Line for line, return the data exactly, omitting all pictures.

*** Opening Input data ***

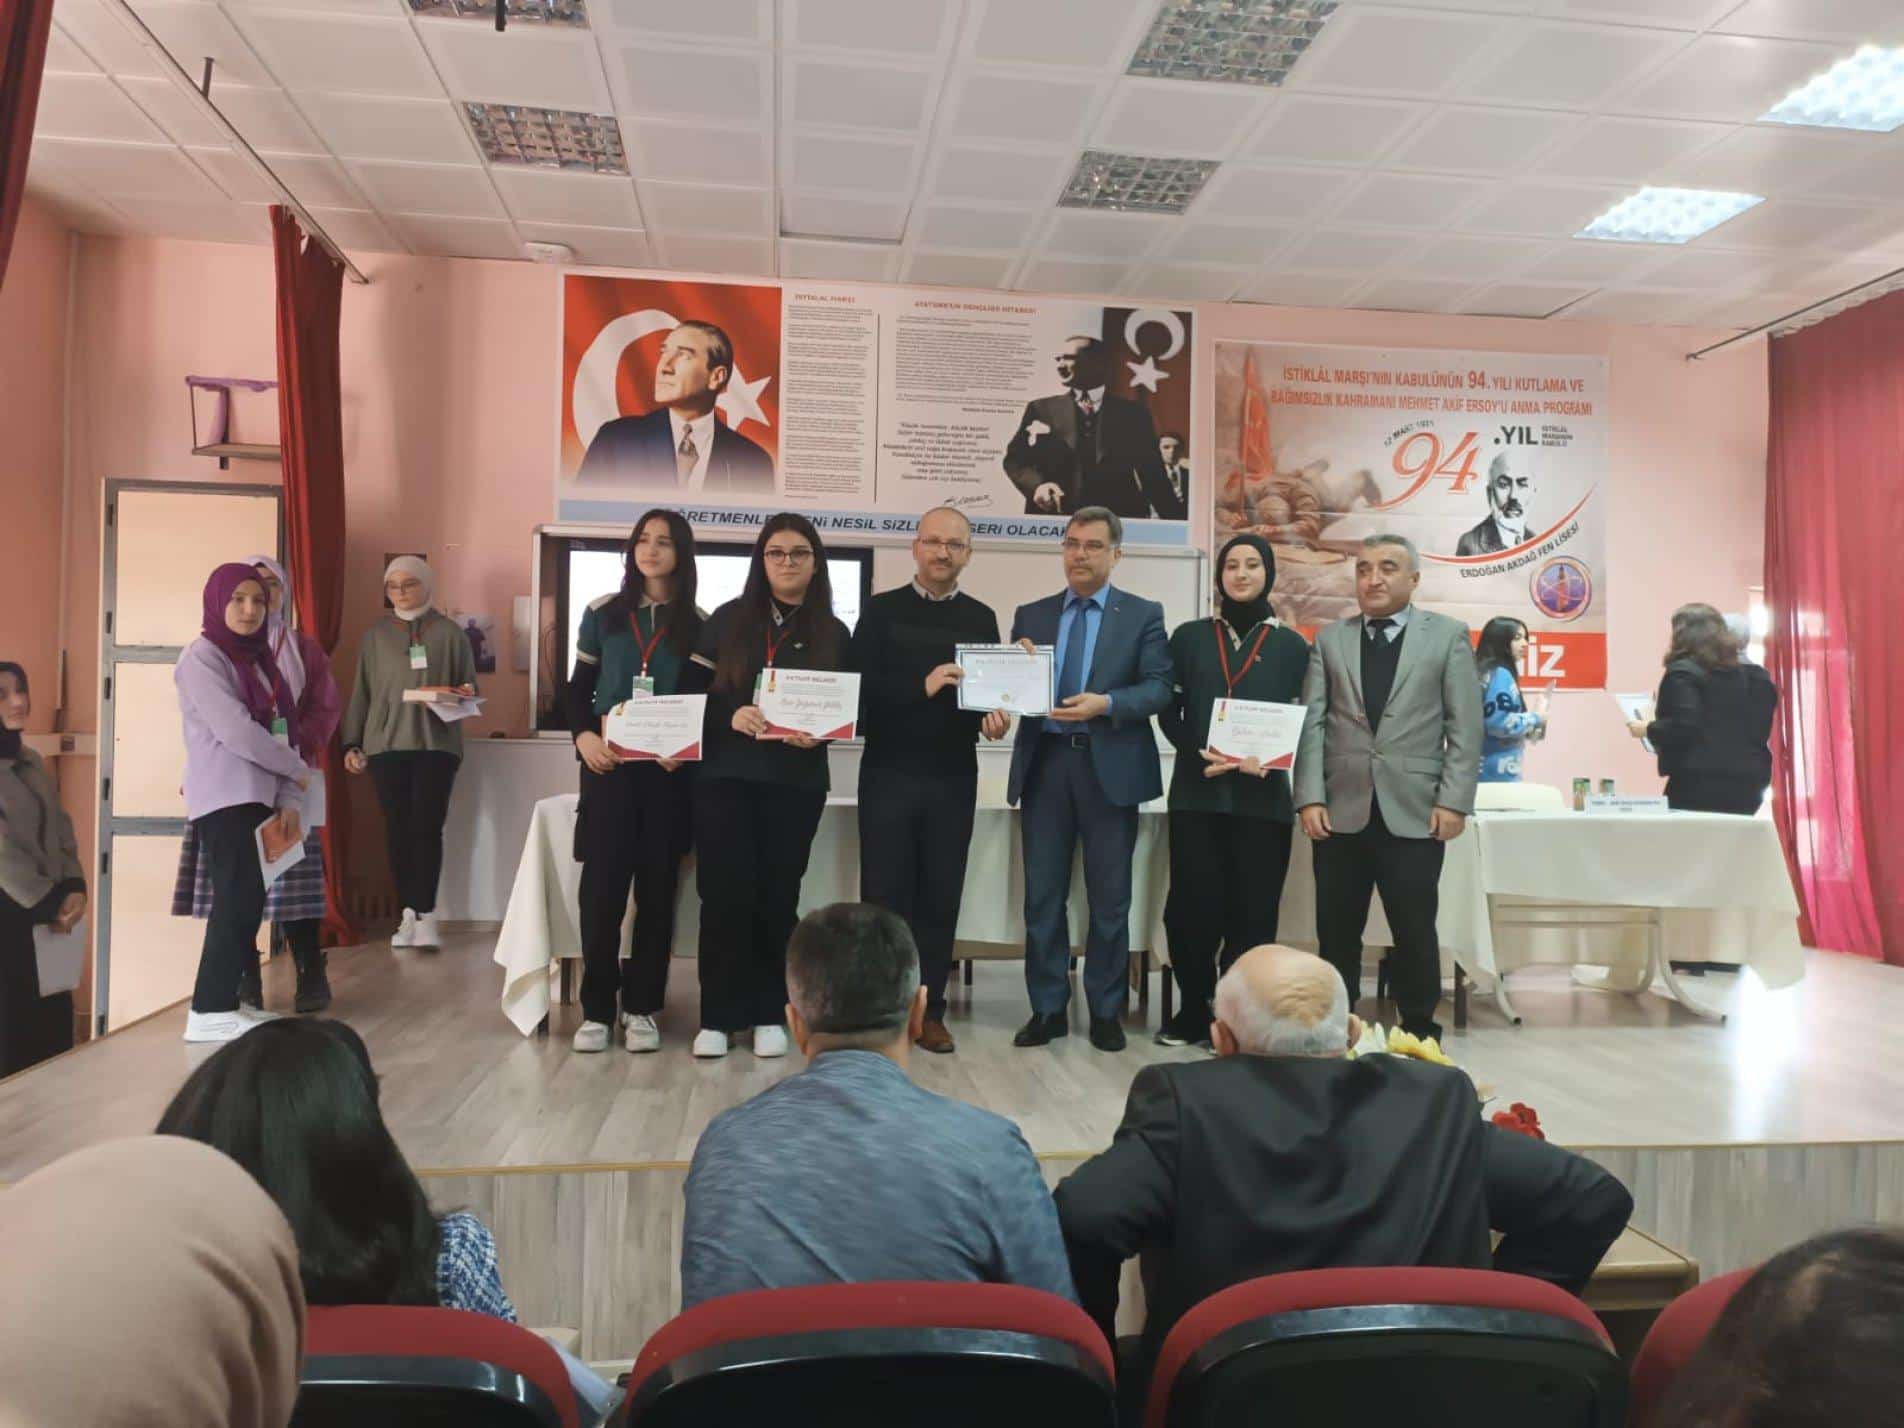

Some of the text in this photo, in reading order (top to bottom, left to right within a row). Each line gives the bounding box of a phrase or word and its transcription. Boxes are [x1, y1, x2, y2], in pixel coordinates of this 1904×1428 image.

[1468, 371, 1490, 389] 94.
[1493, 376, 1512, 391] YILI
[1515, 377, 1567, 392] KUTLAMA
[1570, 379, 1584, 392] VE
[1398, 395, 1441, 409] MEHMET
[1466, 398, 1507, 413] ERSOY'U
[1510, 400, 1540, 414] ANMA
[1543, 401, 1592, 416] PROGRAMI
[1377, 431, 1480, 509] 94
[1459, 564, 1505, 578] ERDOĞAN
[1507, 552, 1537, 571] AKDAĞ
[1538, 543, 1554, 557] FEN
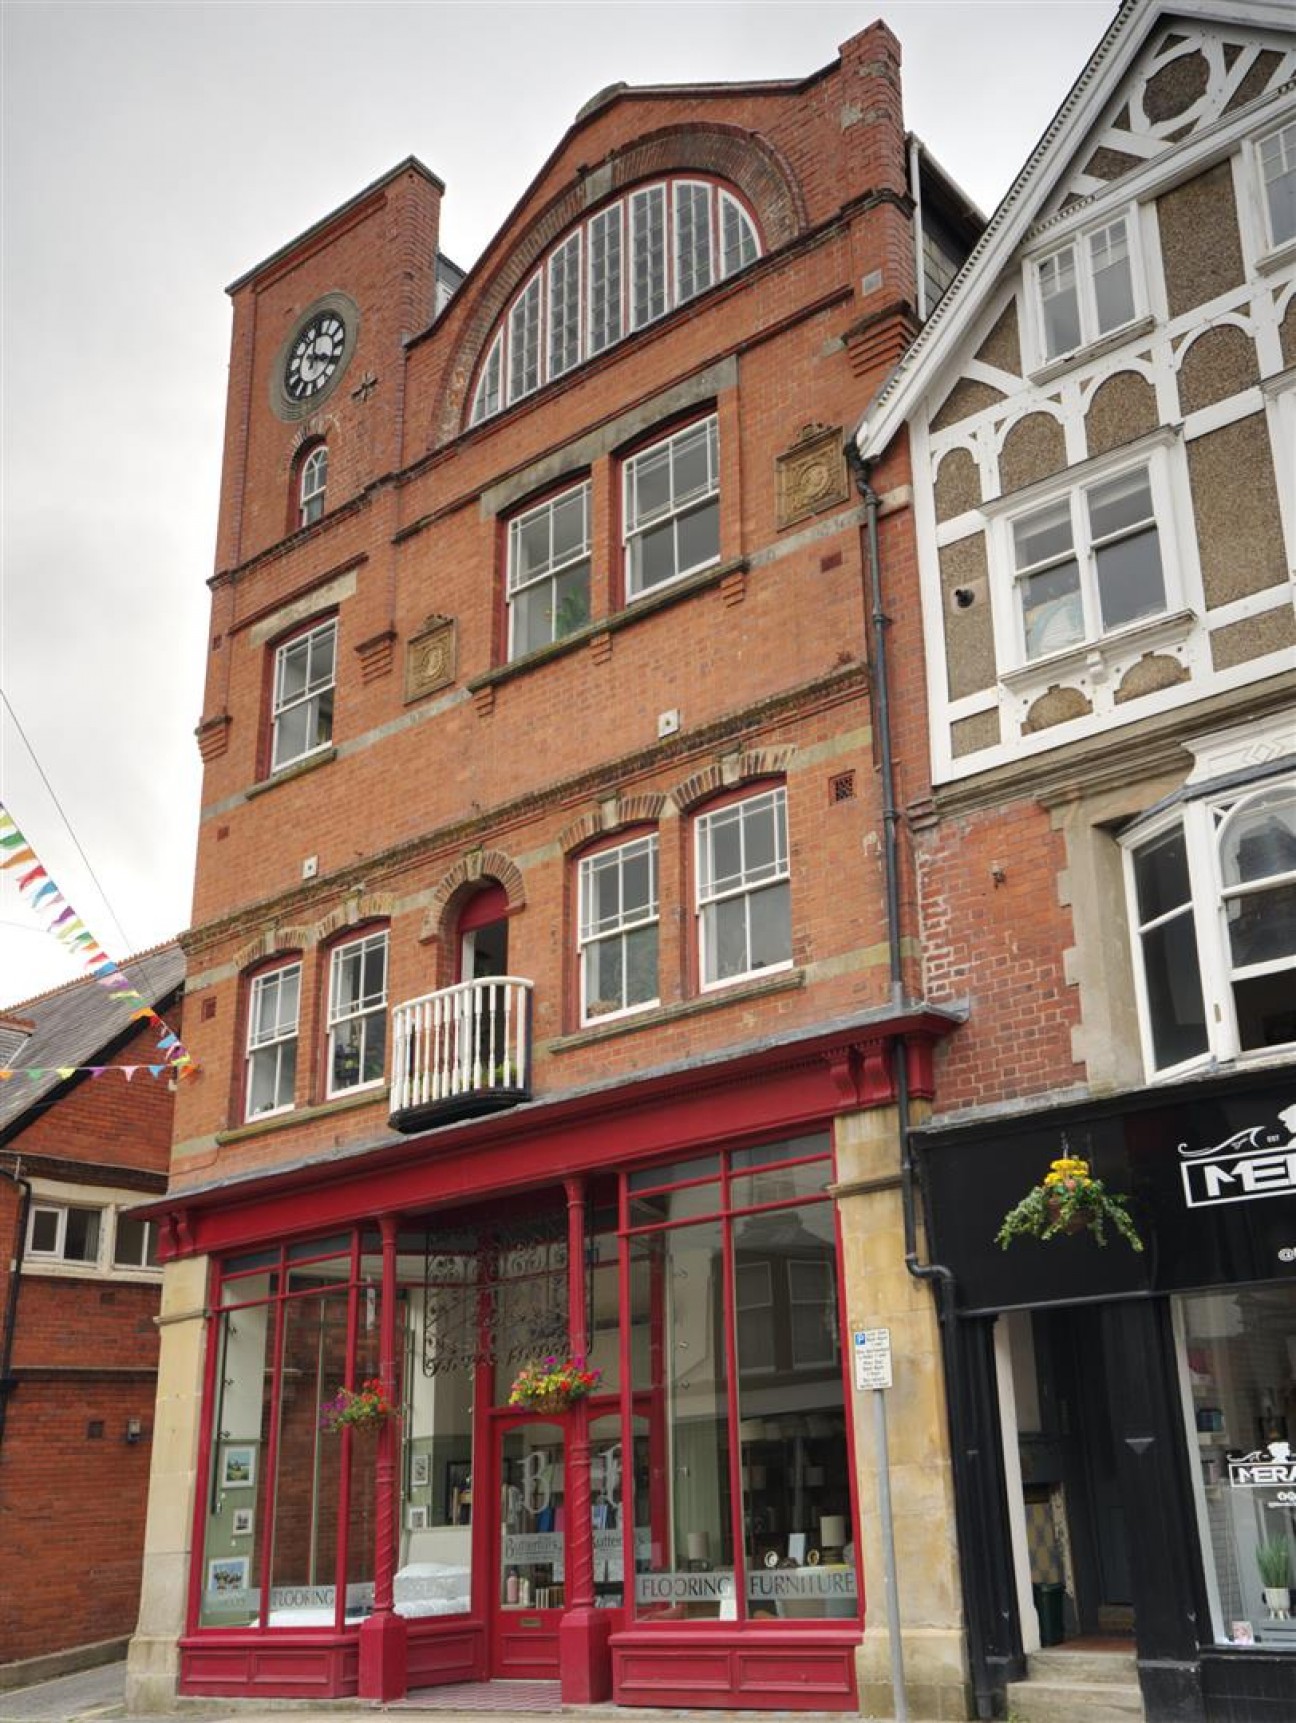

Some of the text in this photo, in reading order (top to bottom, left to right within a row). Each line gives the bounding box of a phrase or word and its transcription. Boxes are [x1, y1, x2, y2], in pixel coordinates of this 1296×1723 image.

*** Closing Input data ***

▶ [Your response]
Some of the text in this photo, in reading order (top to bottom, left to right within a row). Each line gives the bounding box of a phrase or word and its transcription. Boxes are [x1, y1, x2, y2], in pixel coordinates of this 1904×1428 image.

[1468, 371, 1490, 389] 94.
[1493, 376, 1512, 391] YILI
[1515, 377, 1567, 392] KUTLAMA
[1570, 379, 1584, 392] VE
[1398, 395, 1441, 409] MEHMET
[1466, 398, 1507, 413] ERSOY'U
[1510, 400, 1540, 414] ANMA
[1543, 401, 1592, 416] PROGRAMI
[1377, 431, 1480, 509] 94
[1459, 564, 1505, 578] ERDOĞAN
[1507, 552, 1537, 571] AKDAĞ
[1538, 543, 1554, 557] FEN

Some of the text in this photo, in reading order (top to bottom, left to right within a row). Each line gives the bounding box of a phrase or word and its transcription. Boxes are [x1, y1, x2, y2], in pixel coordinates of this 1296×1723 image.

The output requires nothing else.